• ABOUT THIS TASK:
Word for word, copy the records and drop the pictures.

• DATA RECORDS:
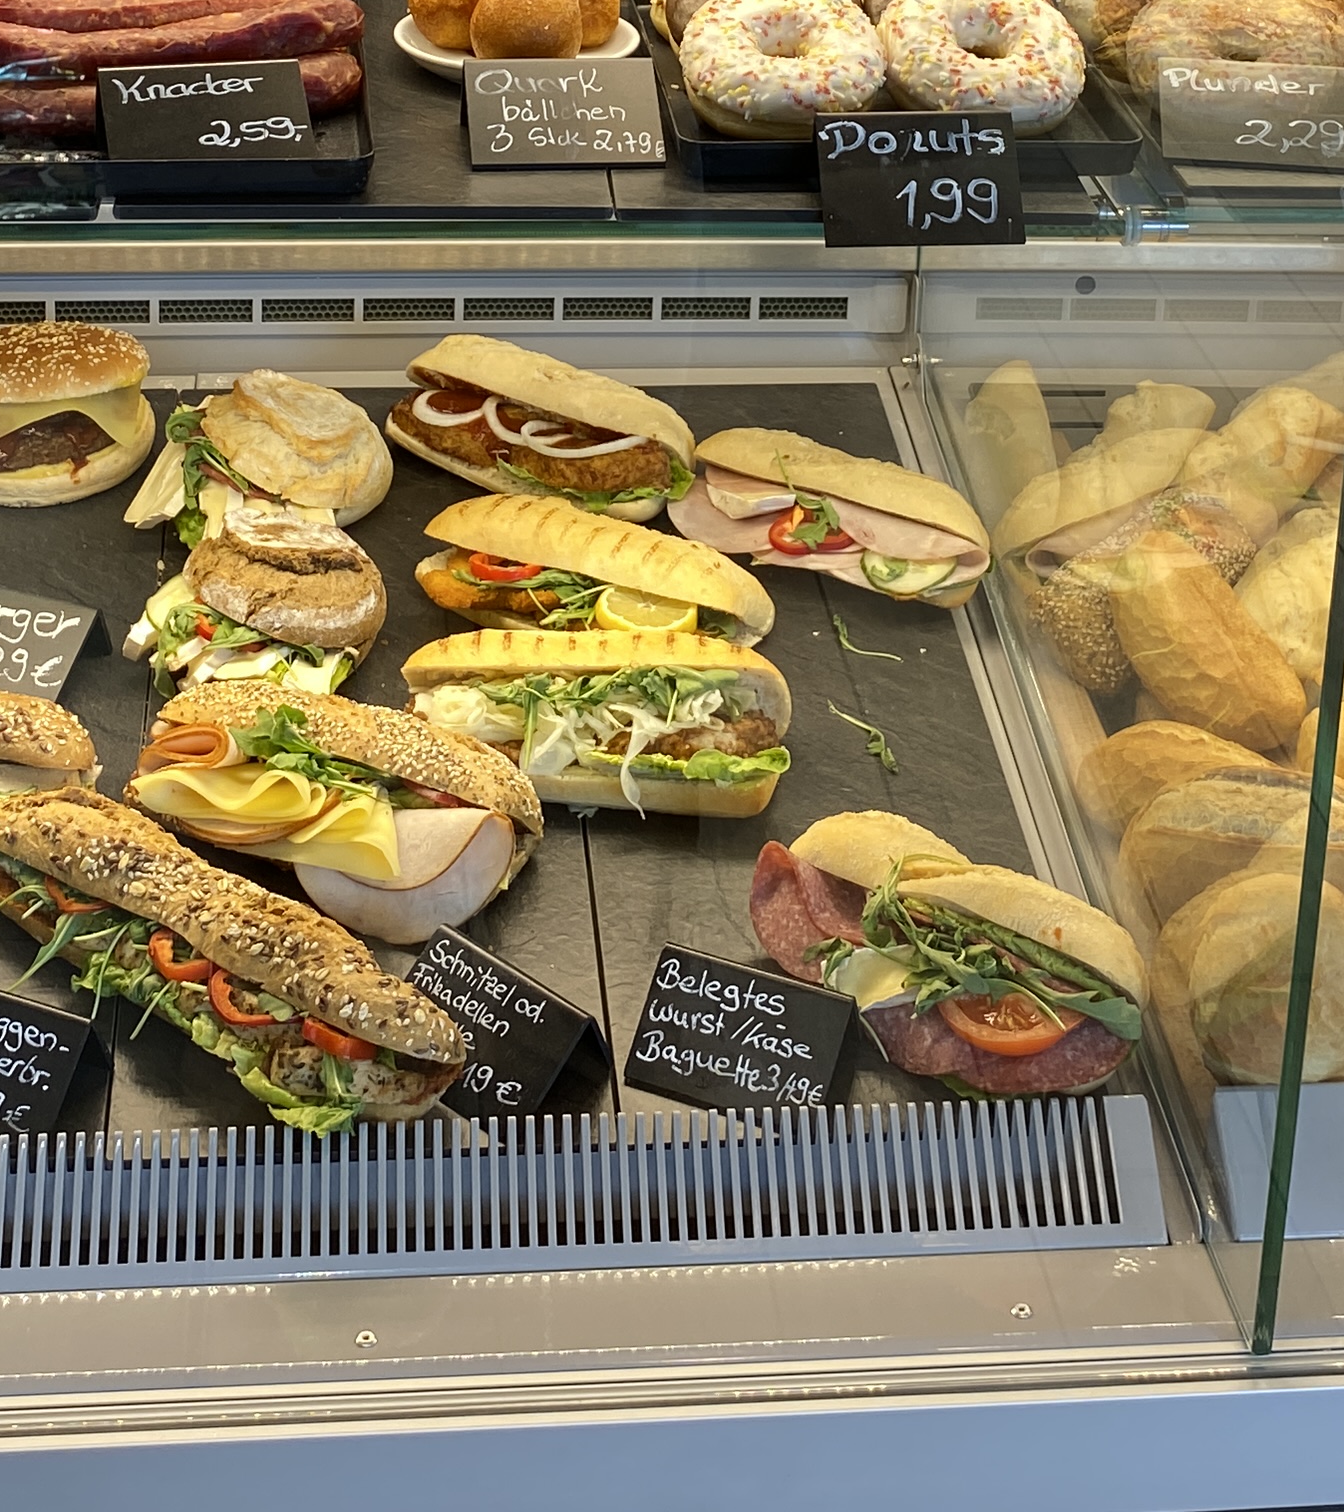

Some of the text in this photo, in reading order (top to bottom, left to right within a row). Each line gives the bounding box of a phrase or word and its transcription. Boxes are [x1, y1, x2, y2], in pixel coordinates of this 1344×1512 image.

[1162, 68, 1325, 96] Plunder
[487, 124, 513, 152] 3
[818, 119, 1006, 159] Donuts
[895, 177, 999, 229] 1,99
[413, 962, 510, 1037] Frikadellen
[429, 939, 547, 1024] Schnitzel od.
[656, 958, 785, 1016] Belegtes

• THE COMPLETED TASK:
Some of the text in this photo, in reading order (top to bottom, left to right within a row). Each line gives the bounding box of a phrase or word and its transcription. Boxes are [x1, y1, x2, y2], in pixel coordinates of this 1344×1512 image.

[1162, 68, 1325, 96] Plunder
[487, 124, 513, 152] 3
[818, 119, 1006, 159] Donuts
[895, 177, 999, 229] 1,99
[413, 962, 510, 1037] Frikadellen
[429, 939, 547, 1024] Schnitzel od.
[656, 958, 785, 1016] Belegtes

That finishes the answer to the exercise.